Saturday, July 2, 2016

François Mauriac

François Charles Mauriac (1885 –1970) was a French novelist, dramatist, critic, poet, and journalist, a member of the Académie française (from 1933), and laureate of the Nobel Prize in Literature (1952). He was awarded the Grand Cross of the Légion d'honneur in 1958.
Mauriac had a bitter dispute with Albert Camus immediately following the liberation of France in World War II. At that time, Camus edited the resistance paper Combat (thereafter an overt daily, until 1947) while Mauriac wrote a column for Le Figaro. Camus said newly liberated France should purge all Nazi collaborator elements, but Mauriac warned that such disputes should be set aside in the interests of national reconciliation. Mauriac also doubted that justice would be impartial or dispassionate given the emotional turmoil of liberation.

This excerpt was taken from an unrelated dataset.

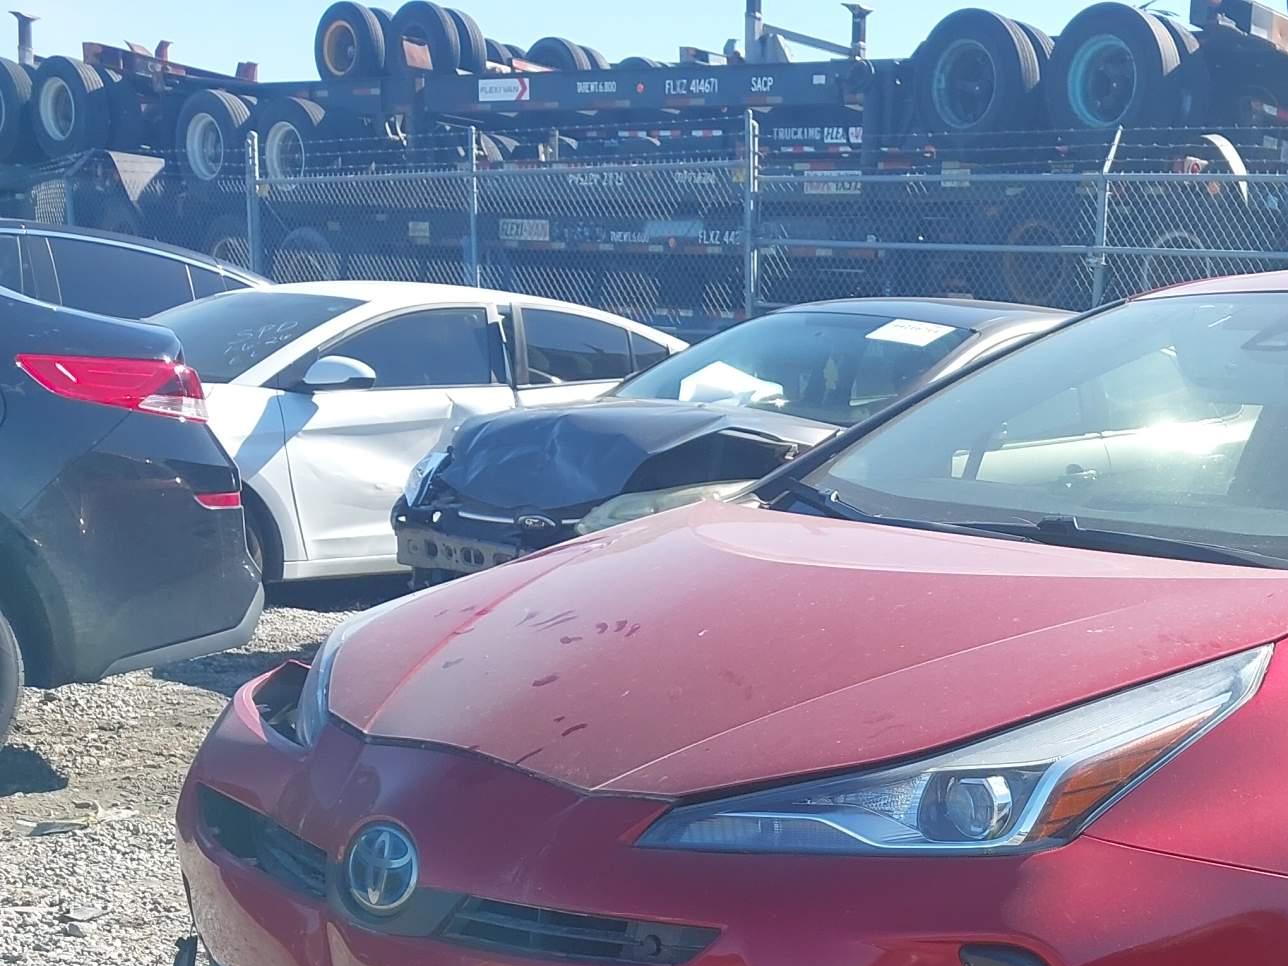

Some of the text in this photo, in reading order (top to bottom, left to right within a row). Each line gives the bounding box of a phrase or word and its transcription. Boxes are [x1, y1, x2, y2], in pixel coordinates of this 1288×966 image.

[665, 78, 718, 94] FLXZ 414671
[751, 77, 774, 92] SACP
[773, 127, 821, 141] TRUCKING

Mauriac was opposed to French rule in Vietnam, and strongly condemned the use of torture by the French army in Algeria. He encouraged Elie Wiesel to write about his experiences as a Jew during the Holocaust, and wrote the foreword to Elie Wiesel's book Night.
He was the father of writer Claude Mauriac and grandfather of Anne Wiazemsky, a French actress and author who worked with and married French director Jean-Luc Godard.